[Stored entries]
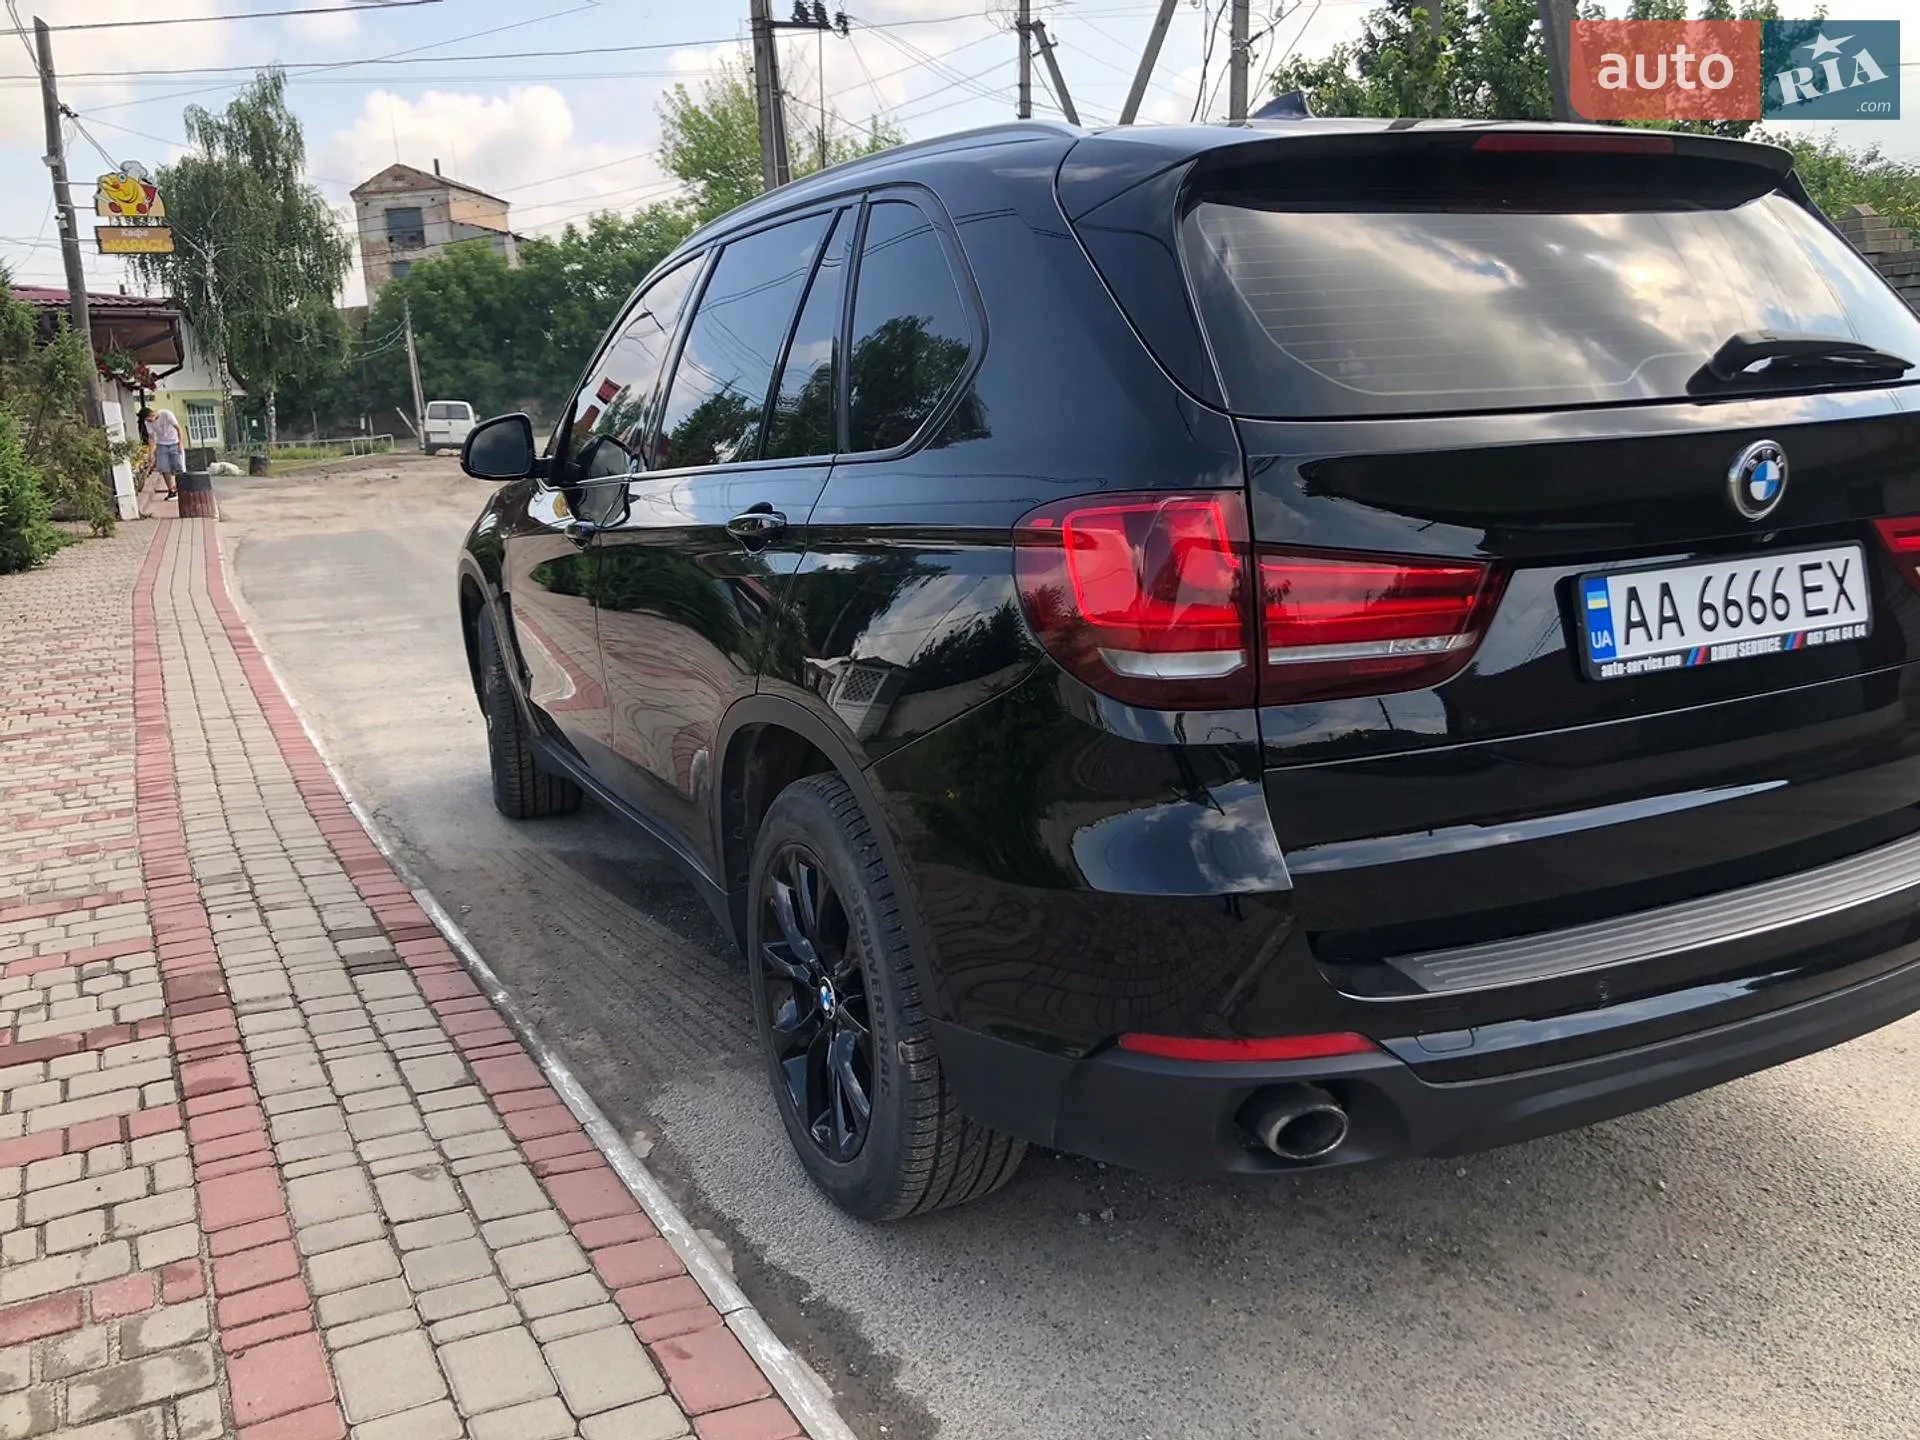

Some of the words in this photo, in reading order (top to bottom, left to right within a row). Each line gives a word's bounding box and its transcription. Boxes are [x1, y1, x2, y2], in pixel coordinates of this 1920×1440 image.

[1623, 582, 1686, 645] AA
[1698, 565, 1790, 632] 6666
[1798, 558, 1856, 618] EX
[1590, 630, 1614, 649] UA
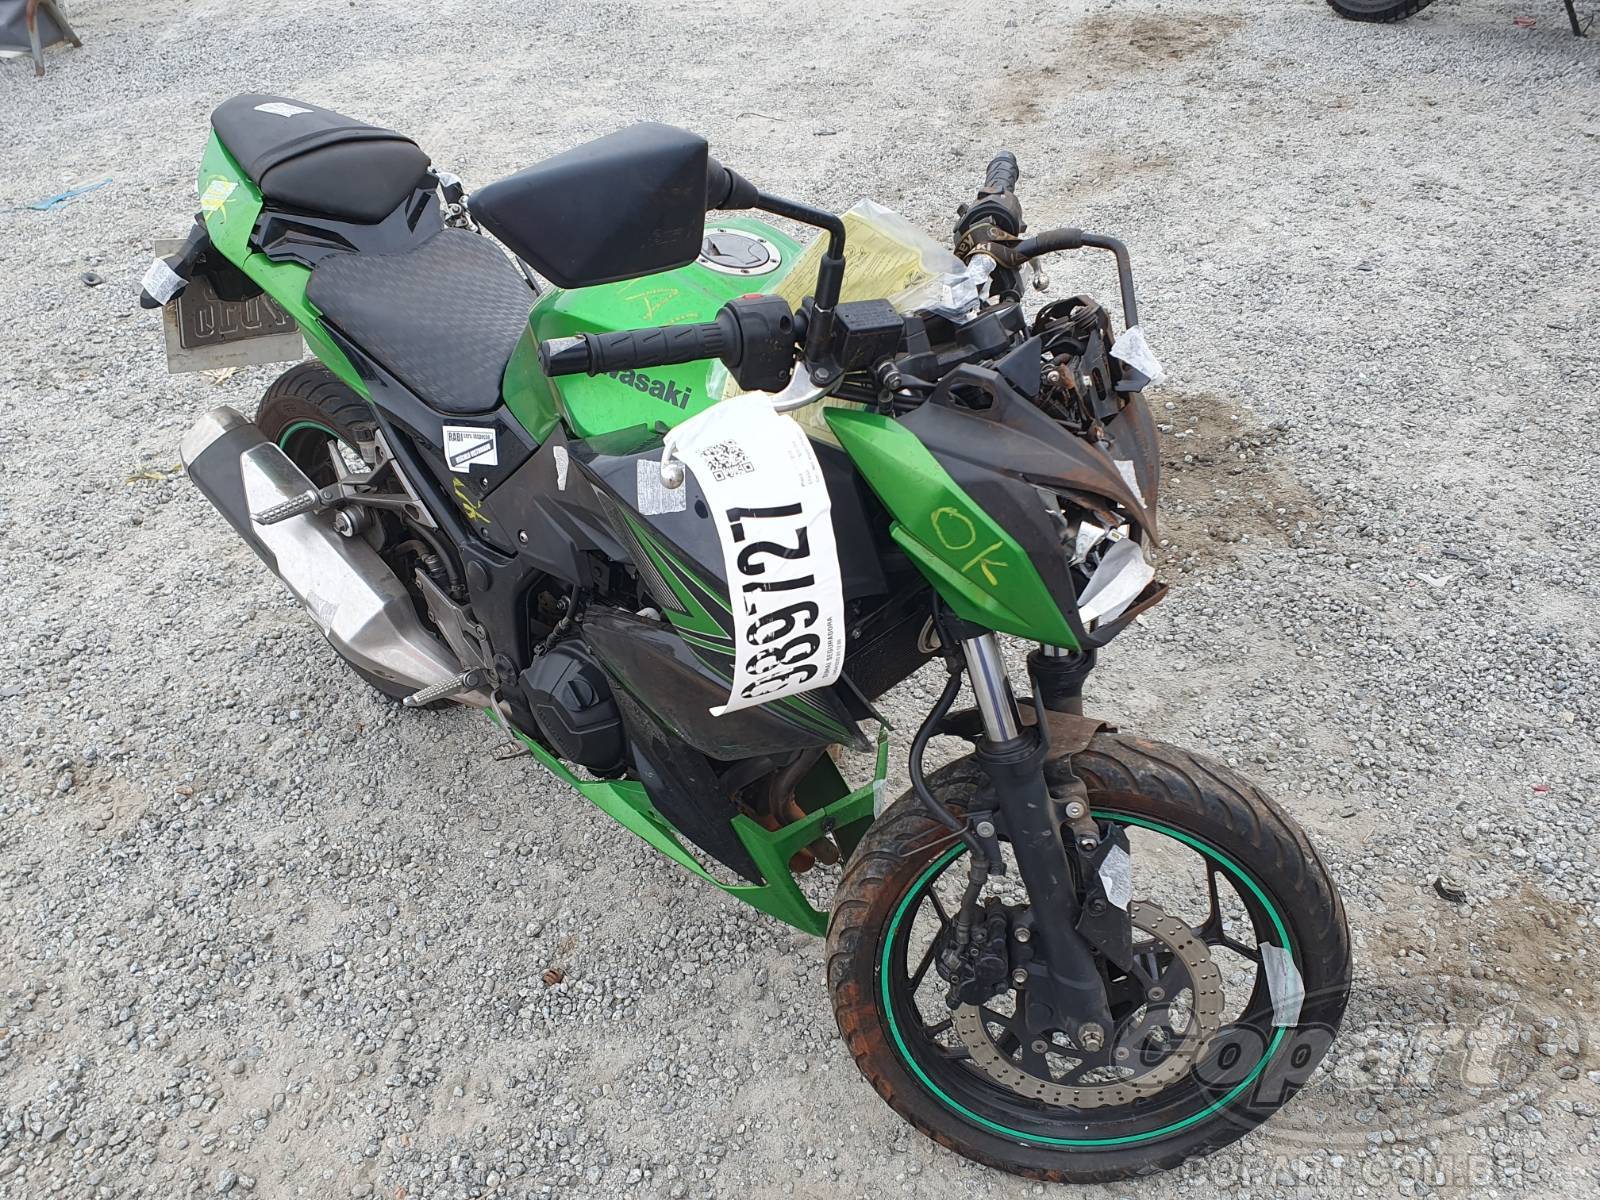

--- Problem description ---
Every record should come back exactly as it is, though none of the pictures should.

--- Written answer ---
Some of the words in this photo, in reading order (top to bottom, left to right within a row). Each line gives a word's bounding box and its transcription. Boxes are [x1, y1, x2, y2], in pixel coordinates of this 1920×1440 image.

[1623, 582, 1686, 645] AA
[1698, 565, 1790, 632] 6666
[1798, 558, 1856, 618] EX
[1590, 630, 1614, 649] UA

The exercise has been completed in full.